OO Dan e EA Pchelina apontam para 71% da coincidência radiológica e operacional. N. I. Ryabov em 34 casos teve apenas uma discrepância. Enorme material de S. V é do maior interesse a este respeito. E em e mas em aproximadamente y - P aproximadamente d aproximadamente e d — 450 casos de perfuração de úlcera de estômago e um duodeno. Neste autor nos primeiros 52 casos da perfuração na coincidência de 85% de resultados de raio x, e em todos os 450 casos — só 60% se observaram. Tal redução considerável na coincidência em parte explica-se por vária qualificação dos radiologistas de investigação, mas no entanto força a fazer a emenda a resultados mais favoráveis ​​baseados no mais pequeno material. Se aceitar por cento de diagnósticos positivos radiológicos em média para 70 — 75, então o erro será insignificante. Em exemplos raros de perfuração de uma úlcera de uma parede de fundo de um duodeno ou departamento quente de um estômago em retroperitoneal friável a celulose no momento da pesquisa radiológica limitada ou enfisema hipodérmica mais comum pode encontrar-se observa-se exclusivamente raramente. A interpretação de dados de raio x é possível em casos semelhantes só com relação ao quadro clínico geral de uma doença. Na literatura há instruções sobre a supervisão única da perfuração de úlcera de estômago e um duodeno a tempo raio x de contraste habitual inspeção (AA B ed e com er sobre em e MI Neporent, TE Gnilorybov, TI Toropov, etc.). Em casos semelhantes na tela o vykhozhdeniye da substância de contraste fora dos limites de um contorno de um estômago ou duodeno é visível. A fortificação ao mesmo tempo aguda de dores faz este quadro tão típico que o erro no reconhecimento da perfuração de uma úlcera fica impossível. A solução de uma pergunta — se veio a perfuração a tempo devido ao contraste pesquisa radiológica — nem sempre talvez. Não é sujeito a nenhuma dúvida que o dano palpatorny de um estômago no momento da pesquisa radiológica no entanto pode servir do empurrão último à perfuração de uma úlcera. No entanto, a raridade exclusiva da perfuração com relação à pesquisa de contraste radiológica é indubitável. Até agora, mais de 60 casos indubitáveis ​​de tal perfuração são publicados. Esta quantidade faz uma ação insignificante de por cento em relação a anualmente radiológico às úlceras de estômago definidas e um duodeno.
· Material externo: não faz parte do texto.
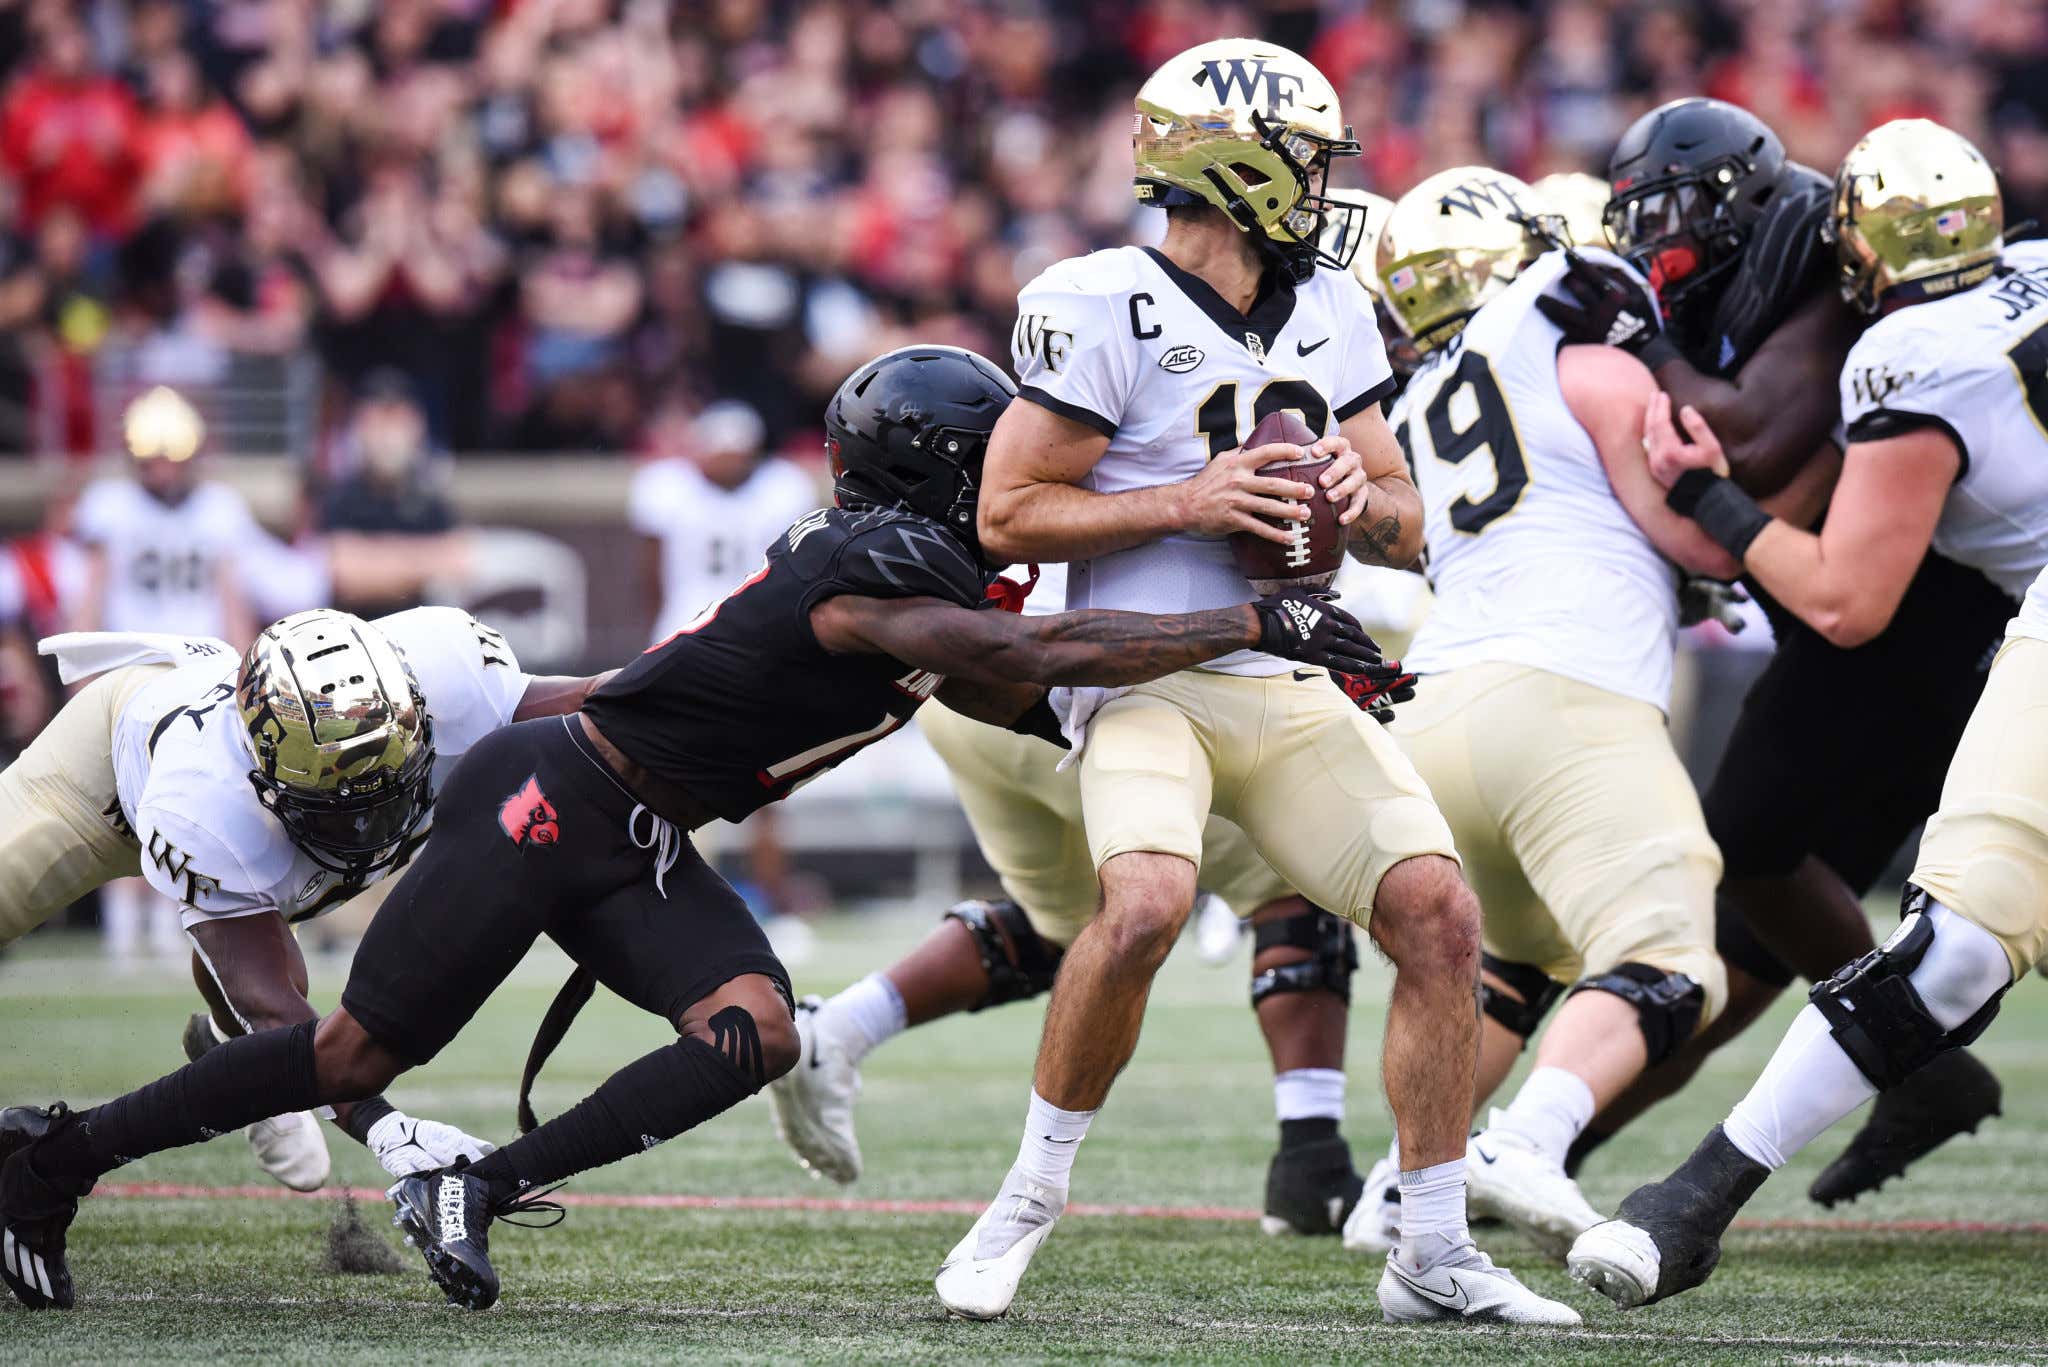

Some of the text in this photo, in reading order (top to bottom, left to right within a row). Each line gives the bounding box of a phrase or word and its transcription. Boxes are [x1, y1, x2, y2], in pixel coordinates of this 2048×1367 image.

A mobilidade de um diafragma na perfuração em primeiras etapas pode guardar-se completamente; além disso, é sempre limitado. A restrição da mobilidade de um diafragma vem abaixo da influência de dores, e este sintoma embora indiretamente, mas pode usar-se como um sintoma de raio x da peritonite em desenvolvimento. O pequeno escurecimento pleurítico sobre uma cúpula de diafragma é mais fiável x- sinal de raio de modificações inflamatórias de um peritônio.